▸ WHAT THIS TASK INVOLVES: All entries are to be printed again exactly, with their images omitted.

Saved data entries
=== Section Start ===

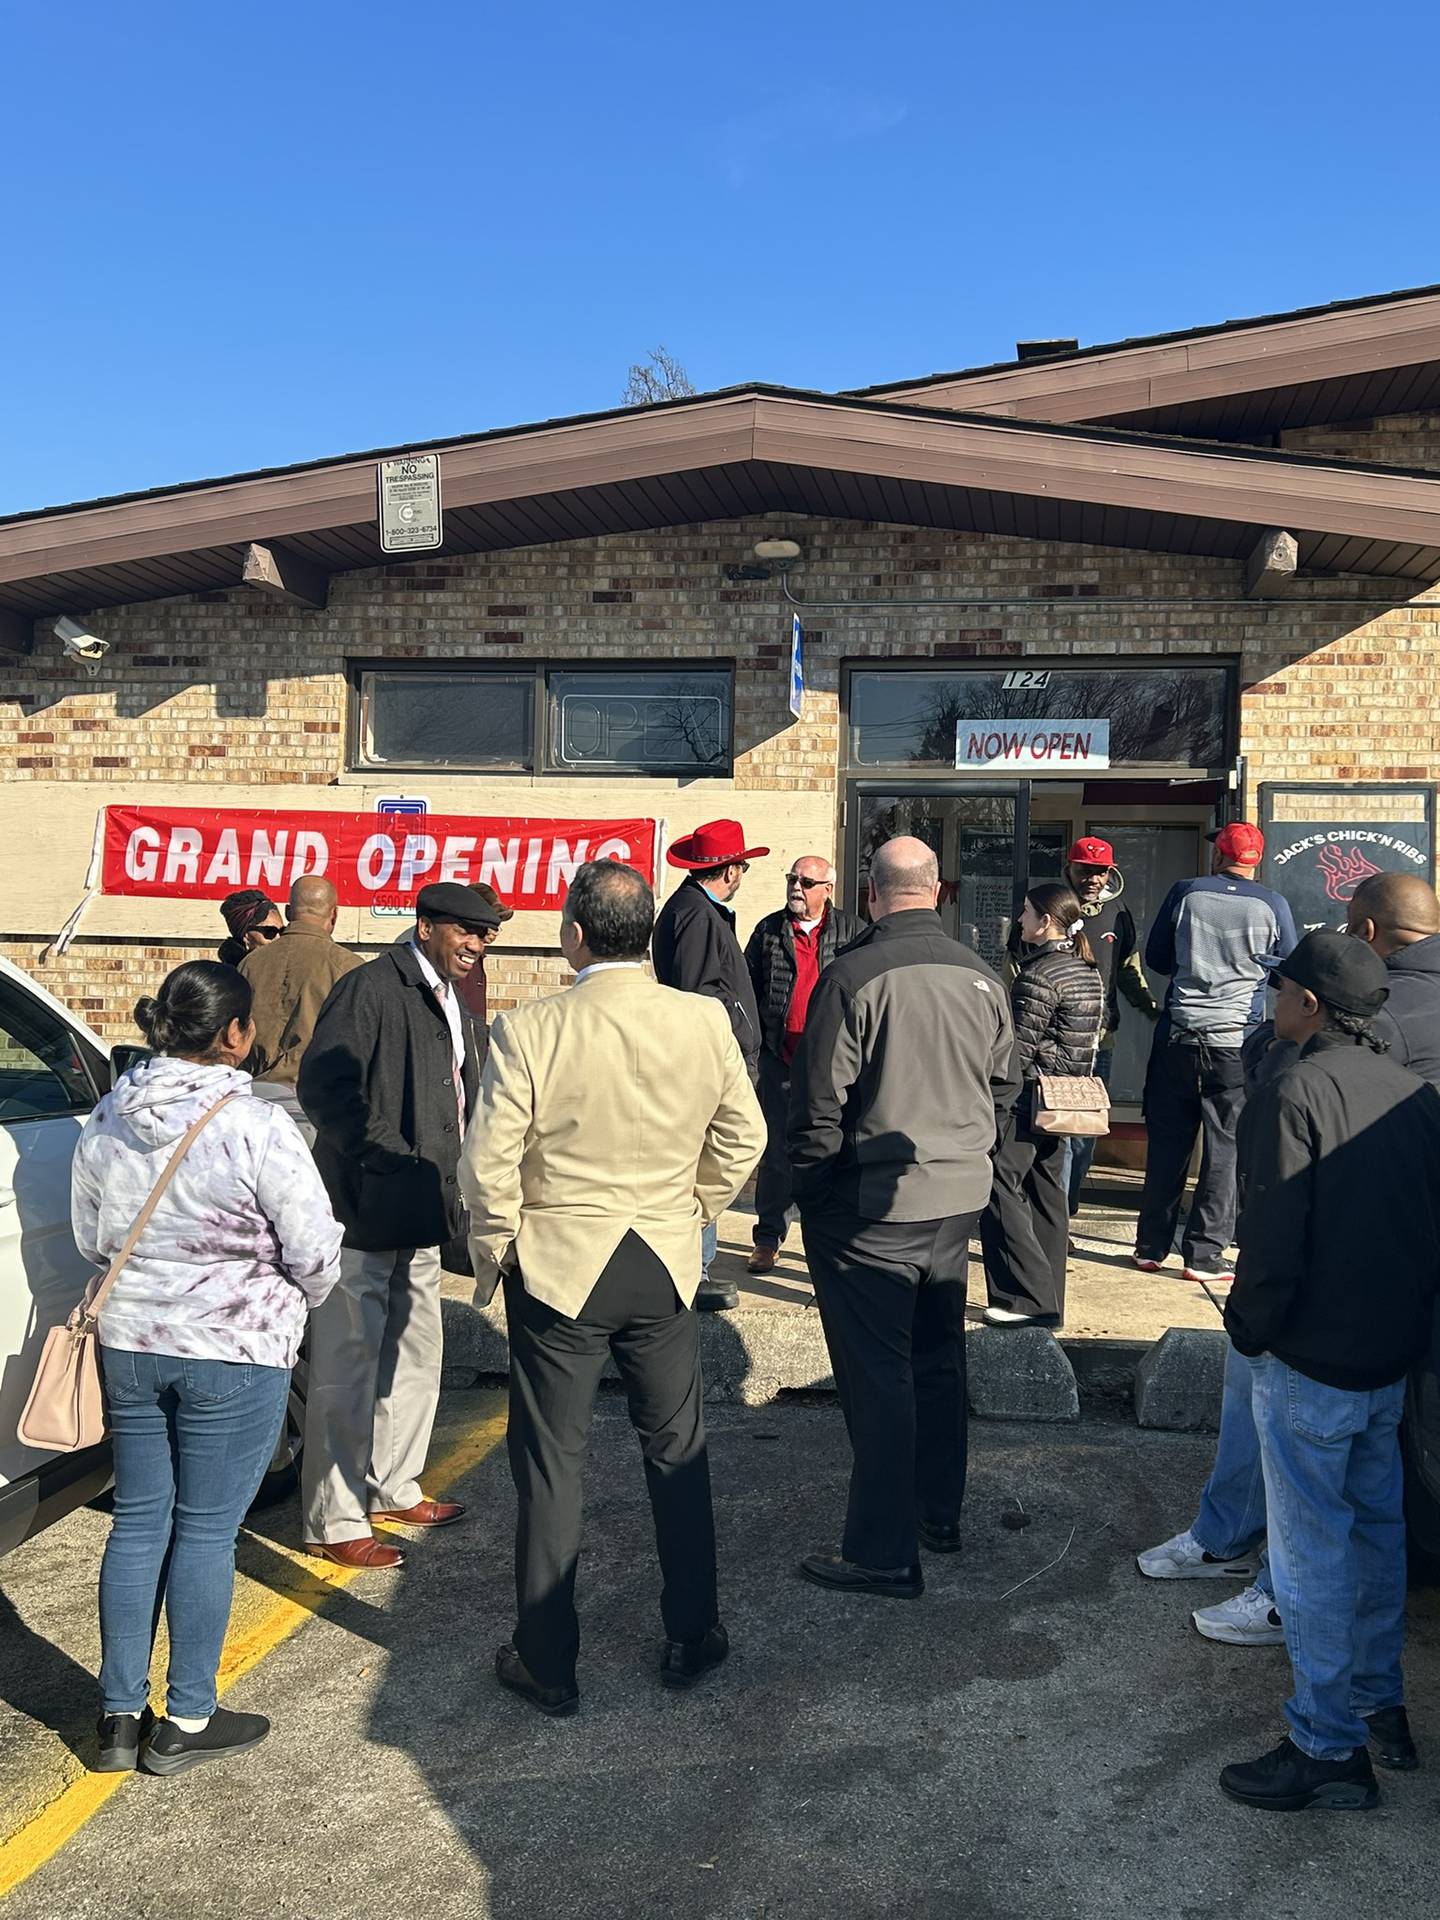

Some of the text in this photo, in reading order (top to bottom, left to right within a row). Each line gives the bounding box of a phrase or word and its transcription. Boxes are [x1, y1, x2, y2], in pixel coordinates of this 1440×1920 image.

[385, 472, 435, 484] TRESPASSING
[401, 464, 418, 475] NO
[1007, 671, 1050, 688] 124
[966, 732, 1092, 760] NOW OPEN
[124, 826, 330, 887] GRAND
[1273, 830, 1428, 866] JACK'S CHICK'N RIBS

=== Section End ===

▸ EXERCISE RESULT:
Some of the text in this photo, in reading order (top to bottom, left to right within a row). Each line gives the bounding box of a phrase or word and its transcription. Boxes are [x1, y1, x2, y2], in pixel coordinates of this 1440×1920 image.

[385, 472, 435, 484] TRESPASSING
[401, 464, 418, 475] NO
[1007, 671, 1050, 688] 124
[966, 732, 1092, 760] NOW OPEN
[124, 826, 330, 887] GRAND
[1273, 830, 1428, 866] JACK'S CHICK'N RIBS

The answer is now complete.